Every year, this collection of random bits of the world makes me happy, and I like to be happy on my birthday. C’mon and indulge me.

This is the sixth year I’ve done this! Previous Birthday Wisdoms: 2008, 2007, 2006, 2005, 2004
Also, best wishes to my newest birthday buddy: Arthur son of Chuckles, one year old today!

55 thoughts on “Birthday Wisdom 2K9”

  1. “No Mummy, Anakin and Darth Vader can’t be the same person because Anakin has a blue goodie light saber and Darth Vader has a red baddie one.”

  2. “Little Rabbit Foo Foo,
    Riding through the Forrest,
    Scooping up the Goblins,
    And bopping them on the Head!
    Down came the good Fairy and said,
    ‘Little Rabbit Foo Foo,
    I don’t like your attitude,
    Scooping up those Goblins and,
    Bopping them on the Head.
    You’ve got NO chances to change,
    So I’m going to turn you into a
    GOONIE!'”
    ‘Little Rabbit Foo Foo’, by Michael Rosen, which is your birthday buddies equal favorite book (it keeps company with ‘We’re going on a bear hunt’).

  3. So I’m rather late with my birthday quote for you, but better late than never. I’ve been reading a lot of TS Eliot lately, and have now realised that ‘The Love Song of J. Alfred Prufrock’ is probably the best poem ever. So, for you:
    And indeed there will be time
    To wonder, “Do I dare?” and, “Do I dare?”
    Time to turn back and descend the stair,
    With a bald spot in the middle of my hair—
    (They will say: “How his hair is growing thin!”)
    My morning coat, my collar mounting firmly to the chin,
    My necktie rich and modest, but asserted by a simple pin—
    (They will say: “But how his arms and legs are thin!”)
    Do I dare
    Disturb the universe?
    In a minute there is time
    For decisions and revisions which a minute will reverse.

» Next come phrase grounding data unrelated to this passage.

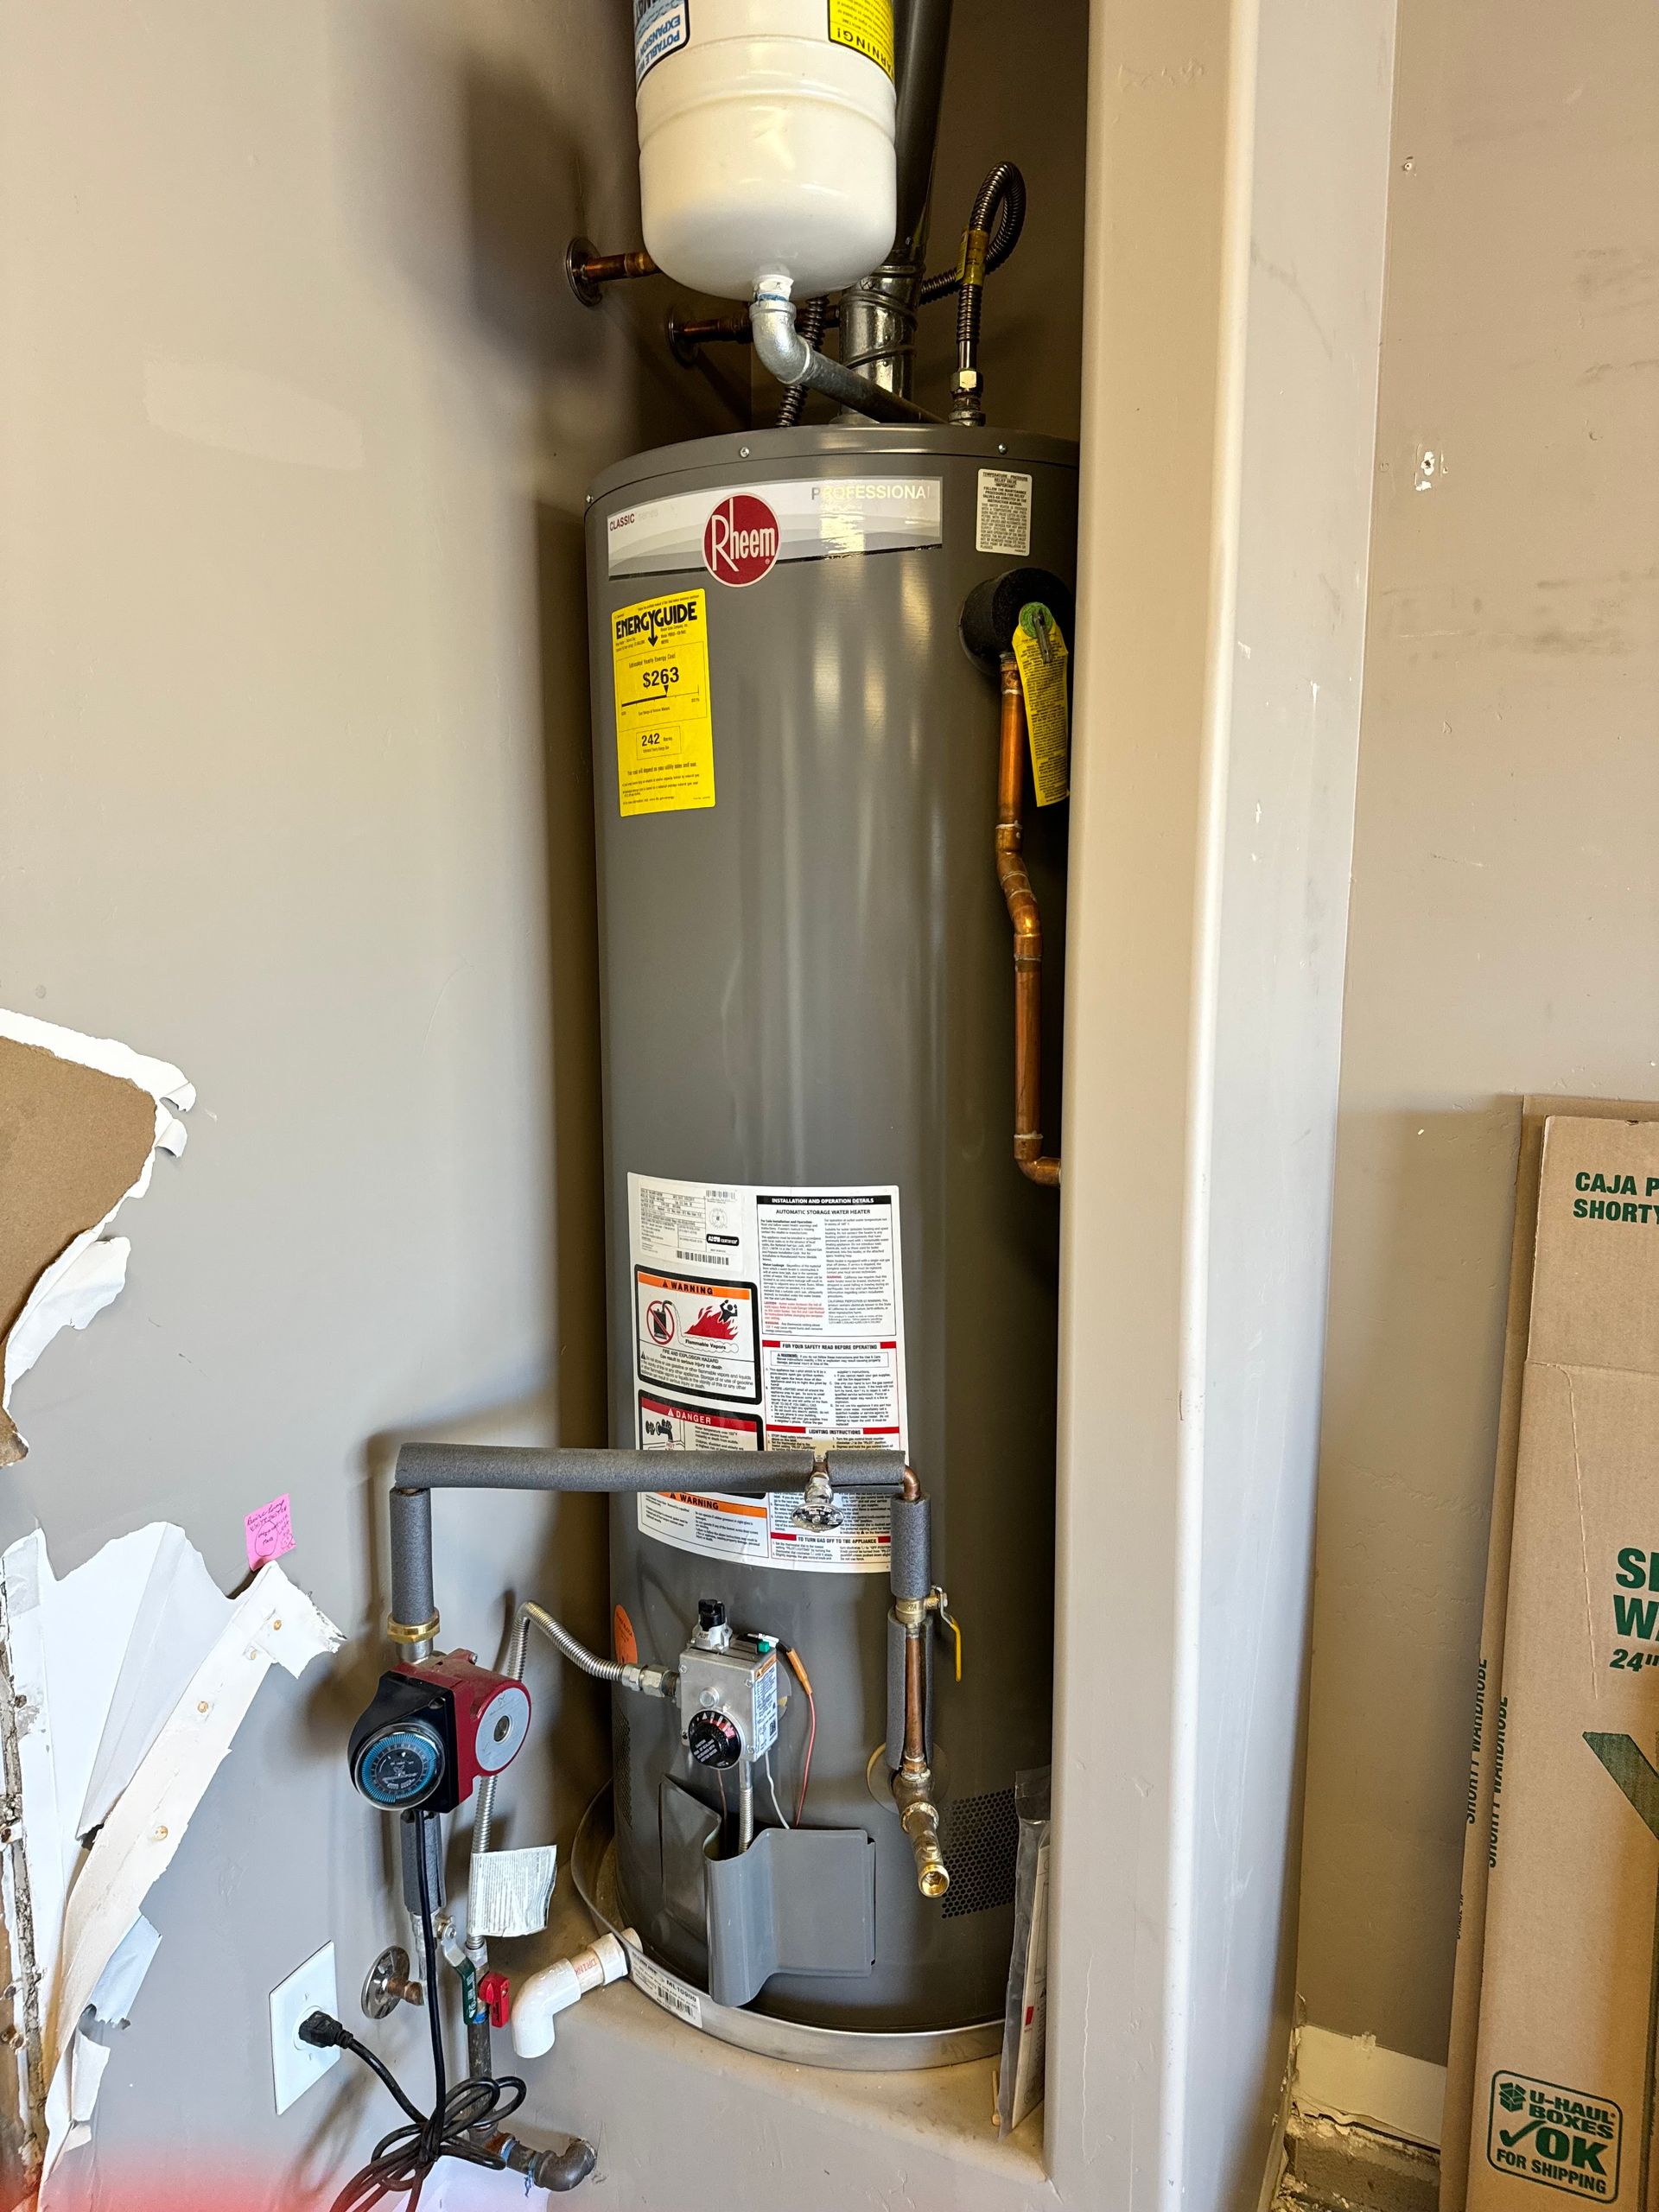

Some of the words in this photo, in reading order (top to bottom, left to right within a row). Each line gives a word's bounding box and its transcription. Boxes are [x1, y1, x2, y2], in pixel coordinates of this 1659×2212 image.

[640, 15, 680, 56] EXPANSION
[645, 29, 680, 67] POTABLE
[609, 513, 635, 531] CLASSIC
[711, 498, 775, 572] Rheem
[616, 601, 697, 643] ENERGYGUIDE
[643, 666, 679, 690] $263
[641, 733, 660, 747] 242
[1575, 1172, 1637, 1196] CAJA
[671, 1281, 713, 1295] WARNING
[679, 1352, 702, 1361] EXPLOSION
[685, 1339, 709, 1348] Flammable
[677, 1410, 711, 1425] DANGER
[680, 1494, 719, 1510] WARNING
[1613, 1594, 1659, 1642] W
[1529, 2089, 1614, 2126] U-HAUL
[1529, 2104, 1614, 2139] BOXES
[1535, 2126, 1608, 2177] OK
[1497, 2148, 1527, 2170] FOR
[1531, 2159, 1606, 2195] SHIPPING

  4. That’s not late, Helen. This is late.
    From Priam’s speech to the court in David Malouf’s Ransom:
    It is true that the gods made me a king, but they also made me a man, and mortal. Gave me life and all that comes with it. All that is sweet. All that is terrible too, since only what we know we must lose is truly sweet to us. The gods themselves know nothing of this, and in this respect, perhaps, may envy us. But not in the end. Because in the end, what we come to is what time, with every heartbeat and in every moment of our lives, has been slowly working towards: the death we have been carrying in us from the very beginning, from our first breath. Only we humans can know, endowed as we are with mortality, but also with consciousness, what it is to be aware each day of the fading in us of freshness and youth; the falling away, as the muscles grow slack in our arms, the thigh grows hollow and the sight dims, of whatever manly vigour we were once endowed with. Well, all that happens. It is what it means to be a man and mortal, and as men we accept it. Less easy to accept is what follows from it.
    Happy getting older, friend, and a belated welcome to 33.